Task directions: Repeat the lines below exactly as they appear, but leave out the images.

# # # #

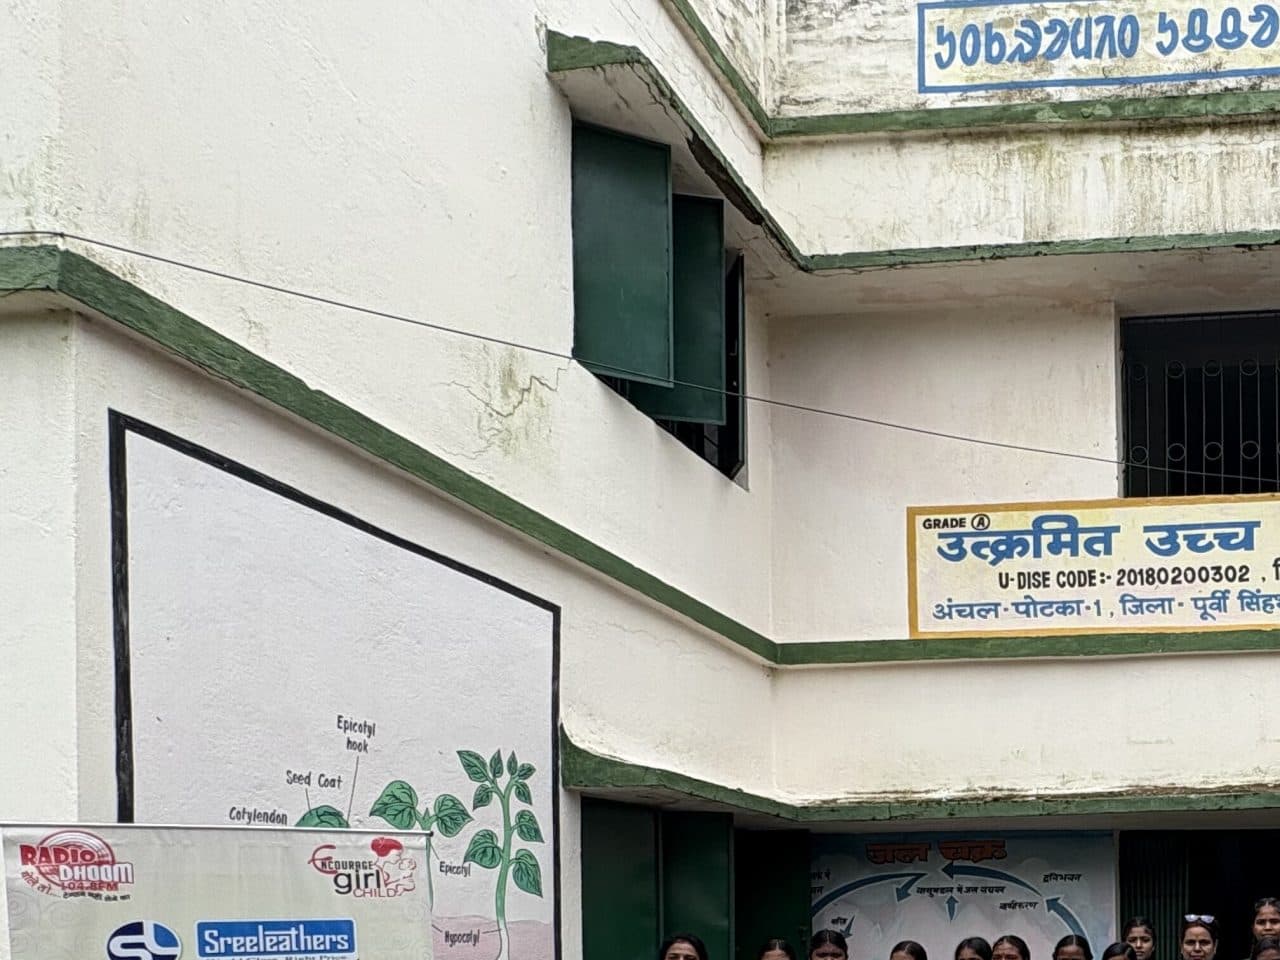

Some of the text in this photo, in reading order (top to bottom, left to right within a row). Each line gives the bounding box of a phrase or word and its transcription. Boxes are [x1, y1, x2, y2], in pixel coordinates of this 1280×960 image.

[922, 517, 966, 530] GRADE
[1143, 520, 1261, 557] उच्च
[1116, 564, 1250, 587] 20180200302
[1191, 588, 1231, 622] पूर्वी
[336, 714, 377, 738] Epicotyl
[346, 737, 369, 754] hook
[285, 769, 343, 791] Seed Coat
[18, 843, 97, 866] RADIO
[59, 862, 134, 884] DHOOM
[333, 867, 382, 895] girl
[353, 886, 399, 898] CHILD
[203, 924, 349, 954] Sreeleathers

# # # #

Result below:
Some of the text in this photo, in reading order (top to bottom, left to right within a row). Each line gives the bounding box of a phrase or word and its transcription. Boxes are [x1, y1, x2, y2], in pixel coordinates of this 1280×960 image.

[922, 517, 966, 530] GRADE
[1143, 520, 1261, 557] उच्च
[1116, 564, 1250, 587] 20180200302
[1191, 588, 1231, 622] पूर्वी
[336, 714, 377, 738] Epicotyl
[346, 737, 369, 754] hook
[285, 769, 343, 791] Seed Coat
[18, 843, 97, 866] RADIO
[59, 862, 134, 884] DHOOM
[333, 867, 382, 895] girl
[353, 886, 399, 898] CHILD
[203, 924, 349, 954] Sreeleathers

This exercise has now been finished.